Published online 2010 September 28. doi:  10.1159/000321050
PMCID: PMC2975009

Pancreatic and Gastric Plasmacytoma Presenting with Obstructive Jaundice, Diagnosed with Endoscopic Ultrasound-Guided Fine Needle Aspiration

Abstract

Pancreatic plasmacytoma is a rare disorder which may present with obstructive jaundice. Only eighteen cases have been reported in the English language literature. We present the first case of pancreatic plasmacytoma and gastric plasmacytoma diagnosed with endoscopic ultrasound-guided fine needle aspiration (EUS-FNA). A 75-year-old male with a known history of multiple myeloma presented with obstructive jaundice and a pancreatic mass. A concomitant gastric mass due to gastric plasmacytoma was seen. The diagnosis was established via EUS-FNA of the pancreatic mass. Pancreatic plasmacytoma should be suspected in patients with a history of myeloma. EUS-FNA is a safe and effective modality in the diagnosis of pancreatic plasmacytoma. Radiation therapy should be the first-line of therapy in treating pancreatic plasmacytomas.

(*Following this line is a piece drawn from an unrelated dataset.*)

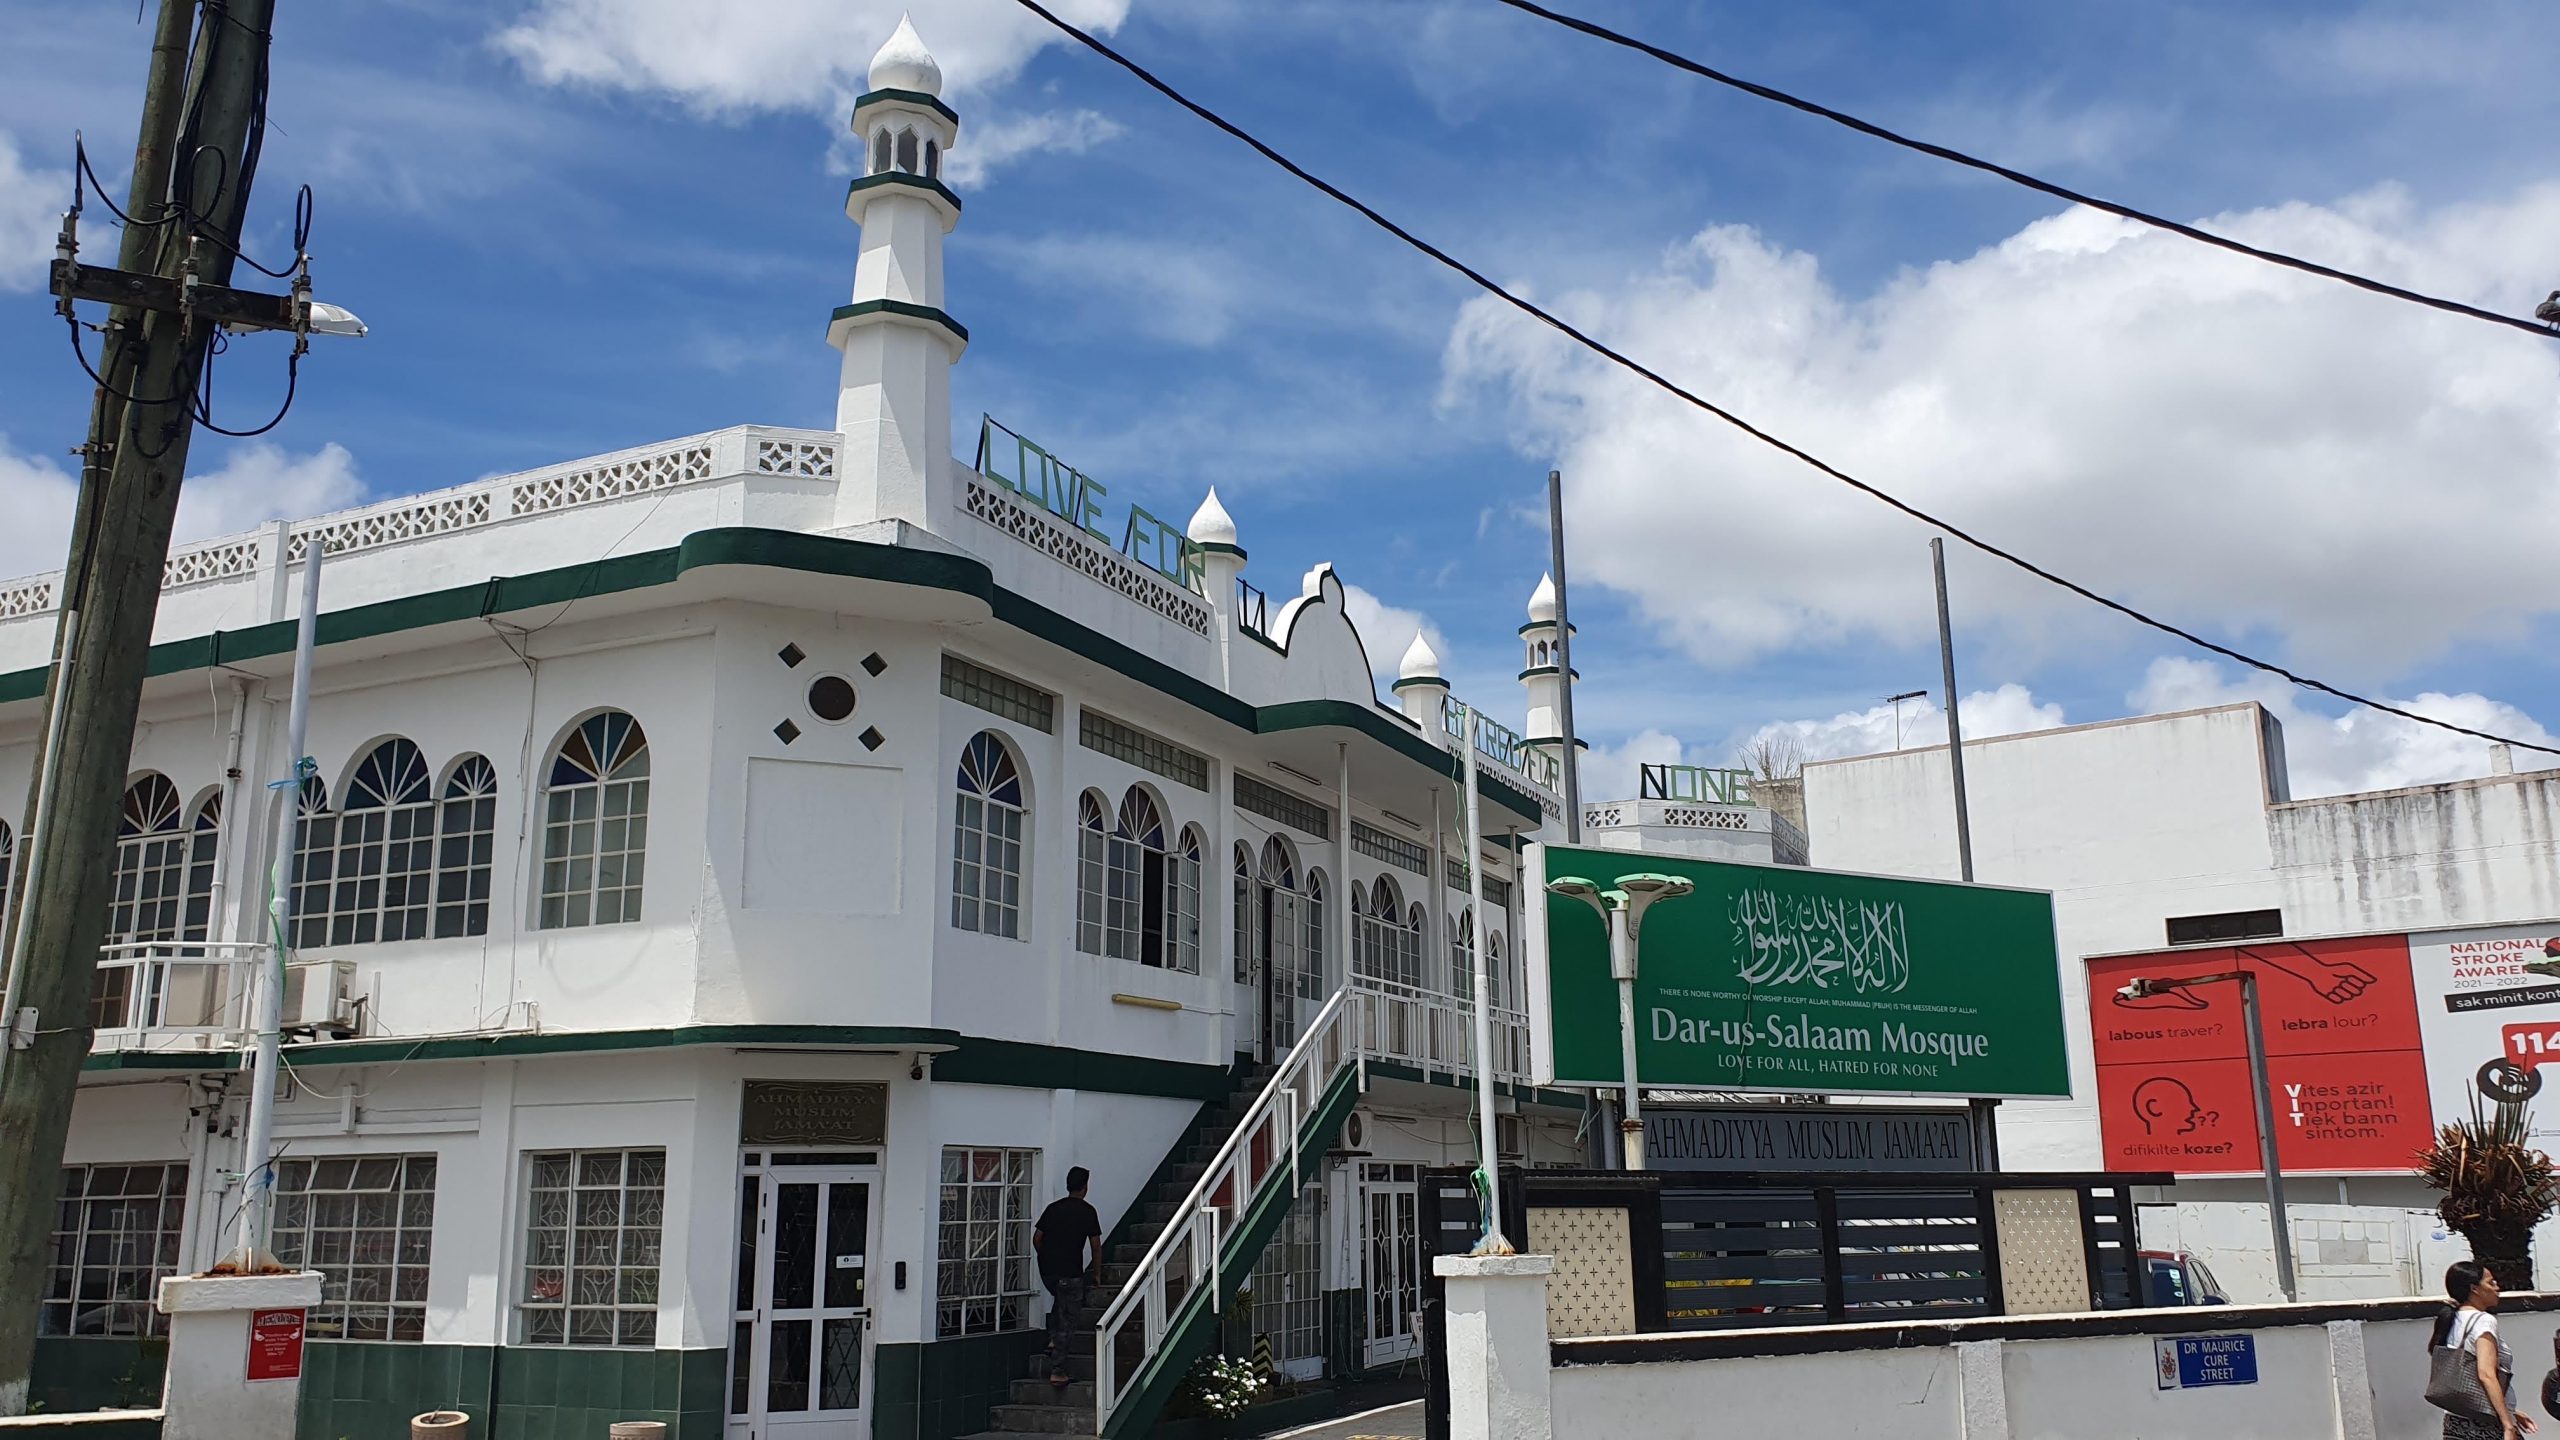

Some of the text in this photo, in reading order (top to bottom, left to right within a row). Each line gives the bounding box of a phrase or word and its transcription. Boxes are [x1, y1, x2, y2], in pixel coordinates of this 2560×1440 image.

Key Words: Pancreatic plasmacytoma, Jaundice, Endoscopic ultrasound-guided fine needle aspiration

Introduction

Extramedullary plasmacytomas consist of neoplastic plasma cell proliferation that occurs outside the bone marrow. Extraskeletal plasmacytomas are infrequent, occurring in fewer than 5% of plasma cell neoplasms [1]. Pancreatic plasmacytomas are rare, with only eighteen cases identified in the English language literature. Endoscopic ultrasound provides detailed imaging of the pancreas and accurate fine needle aspiration tissue sampling [2]. We describe a case of concomitant pancreatic and gastric plasmacytoma diagnosed with endoscopic ultrasound-guided fine needle aspiration (EUS-FNA) of the pancreas and endoscopic biopsy of the stomach in a patient with multiple myeloma.

Case Report

A 75-year-old male with a 10-year history of multiple myeloma treated with chemotherapy and radiation therapy presented with three weeks of progressive fatigue and jaundice. His past medical history included coronary artery disease, peripheral neuropathy and deep venous thrombosis. Physical exam revealed icteric sclerae and a normal abdominal examination. Laboratory studies revealed anemia with a hemoglobin of 8.2 g/dl and an obstructive liver enzyme pattern with a total bilirubin of 6.9 mg/dl, alkaline phosphatase of 347 U/l and ALT of 528 U/l. Abdominal ultrasound identified a 5.3 cm focal lesion arising from the head/proximal body of the pancreas, with a lobular contour and inhomogenous texture. The common bile duct was dilated to 2 cm. Fascial and maxillary computed tomography scan was unremarkable.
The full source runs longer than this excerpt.